#### INSTRUCTIONS FOR THE TASK
What is needed is an exact copy of all the entries below.

[Free-text object descriptions]
┏━━

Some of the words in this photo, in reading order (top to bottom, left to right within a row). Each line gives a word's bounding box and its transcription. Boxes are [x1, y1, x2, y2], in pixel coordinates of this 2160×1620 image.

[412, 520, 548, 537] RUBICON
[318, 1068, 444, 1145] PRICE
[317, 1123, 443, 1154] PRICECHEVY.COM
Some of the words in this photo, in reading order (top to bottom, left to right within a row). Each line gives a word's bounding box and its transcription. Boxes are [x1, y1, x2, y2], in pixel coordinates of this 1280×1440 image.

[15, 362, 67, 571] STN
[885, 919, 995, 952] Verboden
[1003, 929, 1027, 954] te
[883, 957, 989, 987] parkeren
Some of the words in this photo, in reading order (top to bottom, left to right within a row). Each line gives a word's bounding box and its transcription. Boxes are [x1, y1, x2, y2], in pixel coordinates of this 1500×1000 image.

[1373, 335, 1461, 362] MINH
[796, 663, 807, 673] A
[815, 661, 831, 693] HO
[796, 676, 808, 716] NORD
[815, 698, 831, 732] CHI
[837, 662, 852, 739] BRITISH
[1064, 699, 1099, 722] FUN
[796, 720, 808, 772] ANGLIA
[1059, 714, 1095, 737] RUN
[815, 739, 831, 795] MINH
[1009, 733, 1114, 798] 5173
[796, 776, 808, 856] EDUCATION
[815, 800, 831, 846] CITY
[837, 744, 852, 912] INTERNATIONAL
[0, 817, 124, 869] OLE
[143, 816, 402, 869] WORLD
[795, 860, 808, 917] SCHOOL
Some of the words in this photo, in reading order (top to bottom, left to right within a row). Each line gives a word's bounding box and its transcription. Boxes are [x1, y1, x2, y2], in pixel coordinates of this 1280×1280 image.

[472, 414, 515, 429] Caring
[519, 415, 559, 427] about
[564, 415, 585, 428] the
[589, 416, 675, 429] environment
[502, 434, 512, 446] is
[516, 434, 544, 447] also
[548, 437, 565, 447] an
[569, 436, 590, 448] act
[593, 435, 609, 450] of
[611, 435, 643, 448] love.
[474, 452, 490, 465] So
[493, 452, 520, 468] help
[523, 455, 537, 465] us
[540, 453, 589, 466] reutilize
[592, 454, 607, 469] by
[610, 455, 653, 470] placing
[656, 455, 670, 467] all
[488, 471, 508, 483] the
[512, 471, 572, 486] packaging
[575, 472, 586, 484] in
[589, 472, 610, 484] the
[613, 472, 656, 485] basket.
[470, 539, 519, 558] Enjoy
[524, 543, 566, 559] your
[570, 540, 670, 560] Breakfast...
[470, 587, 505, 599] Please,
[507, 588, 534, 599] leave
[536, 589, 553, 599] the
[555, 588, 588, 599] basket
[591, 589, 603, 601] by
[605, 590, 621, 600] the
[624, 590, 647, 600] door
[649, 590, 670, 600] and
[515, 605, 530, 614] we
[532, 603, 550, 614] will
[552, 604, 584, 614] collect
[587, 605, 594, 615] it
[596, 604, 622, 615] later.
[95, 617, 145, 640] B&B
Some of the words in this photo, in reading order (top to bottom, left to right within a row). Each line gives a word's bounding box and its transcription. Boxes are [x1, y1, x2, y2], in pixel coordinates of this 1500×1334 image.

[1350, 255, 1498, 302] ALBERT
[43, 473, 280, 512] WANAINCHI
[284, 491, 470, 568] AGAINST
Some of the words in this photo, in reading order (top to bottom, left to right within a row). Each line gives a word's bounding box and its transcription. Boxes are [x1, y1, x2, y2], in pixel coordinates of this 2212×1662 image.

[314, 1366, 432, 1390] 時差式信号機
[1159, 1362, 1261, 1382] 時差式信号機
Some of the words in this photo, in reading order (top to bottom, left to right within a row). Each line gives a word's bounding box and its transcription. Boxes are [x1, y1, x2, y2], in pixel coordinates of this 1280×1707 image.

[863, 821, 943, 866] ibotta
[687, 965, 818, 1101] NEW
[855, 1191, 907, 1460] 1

┗━━

#### ANSWER TO THE PROBLEM
Some of the words in this photo, in reading order (top to bottom, left to right within a row). Each line gives a word's bounding box and its transcription. Boxes are [x1, y1, x2, y2], in pixel coordinates of this 2160×1620 image.

[412, 520, 548, 537] RUBICON
[318, 1068, 444, 1145] PRICE
[317, 1123, 443, 1154] PRICECHEVY.COM
Some of the words in this photo, in reading order (top to bottom, left to right within a row). Each line gives a word's bounding box and its transcription. Boxes are [x1, y1, x2, y2], in pixel coordinates of this 1280×1440 image.

[15, 362, 67, 571] STN
[885, 919, 995, 952] Verboden
[1003, 929, 1027, 954] te
[883, 957, 989, 987] parkeren
Some of the words in this photo, in reading order (top to bottom, left to right within a row). Each line gives a word's bounding box and its transcription. Boxes are [x1, y1, x2, y2], in pixel coordinates of this 1500×1000 image.

[1373, 335, 1461, 362] MINH
[796, 663, 807, 673] A
[815, 661, 831, 693] HO
[796, 676, 808, 716] NORD
[815, 698, 831, 732] CHI
[837, 662, 852, 739] BRITISH
[1064, 699, 1099, 722] FUN
[796, 720, 808, 772] ANGLIA
[1059, 714, 1095, 737] RUN
[815, 739, 831, 795] MINH
[1009, 733, 1114, 798] 5173
[796, 776, 808, 856] EDUCATION
[815, 800, 831, 846] CITY
[837, 744, 852, 912] INTERNATIONAL
[0, 817, 124, 869] OLE
[143, 816, 402, 869] WORLD
[795, 860, 808, 917] SCHOOL
Some of the words in this photo, in reading order (top to bottom, left to right within a row). Each line gives a word's bounding box and its transcription. Boxes are [x1, y1, x2, y2], in pixel coordinates of this 1280×1280 image.

[472, 414, 515, 429] Caring
[519, 415, 559, 427] about
[564, 415, 585, 428] the
[589, 416, 675, 429] environment
[502, 434, 512, 446] is
[516, 434, 544, 447] also
[548, 437, 565, 447] an
[569, 436, 590, 448] act
[593, 435, 609, 450] of
[611, 435, 643, 448] love.
[474, 452, 490, 465] So
[493, 452, 520, 468] help
[523, 455, 537, 465] us
[540, 453, 589, 466] reutilize
[592, 454, 607, 469] by
[610, 455, 653, 470] placing
[656, 455, 670, 467] all
[488, 471, 508, 483] the
[512, 471, 572, 486] packaging
[575, 472, 586, 484] in
[589, 472, 610, 484] the
[613, 472, 656, 485] basket.
[470, 539, 519, 558] Enjoy
[524, 543, 566, 559] your
[570, 540, 670, 560] Breakfast...
[470, 587, 505, 599] Please,
[507, 588, 534, 599] leave
[536, 589, 553, 599] the
[555, 588, 588, 599] basket
[591, 589, 603, 601] by
[605, 590, 621, 600] the
[624, 590, 647, 600] door
[649, 590, 670, 600] and
[515, 605, 530, 614] we
[532, 603, 550, 614] will
[552, 604, 584, 614] collect
[587, 605, 594, 615] it
[596, 604, 622, 615] later.
[95, 617, 145, 640] B&B
Some of the words in this photo, in reading order (top to bottom, left to right within a row). Each line gives a word's bounding box and its transcription. Boxes are [x1, y1, x2, y2], in pixel coordinates of this 1500×1334 image.

[1350, 255, 1498, 302] ALBERT
[43, 473, 280, 512] WANAINCHI
[284, 491, 470, 568] AGAINST
Some of the words in this photo, in reading order (top to bottom, left to right within a row). Each line gives a word's bounding box and its transcription. Boxes are [x1, y1, x2, y2], in pixel coordinates of this 2212×1662 image.

[314, 1366, 432, 1390] 時差式信号機
[1159, 1362, 1261, 1382] 時差式信号機
Some of the words in this photo, in reading order (top to bottom, left to right within a row). Each line gives a word's bounding box and its transcription. Boxes are [x1, y1, x2, y2], in pixel coordinates of this 1280×1707 image.

[863, 821, 943, 866] ibotta
[687, 965, 818, 1101] NEW
[855, 1191, 907, 1460] 1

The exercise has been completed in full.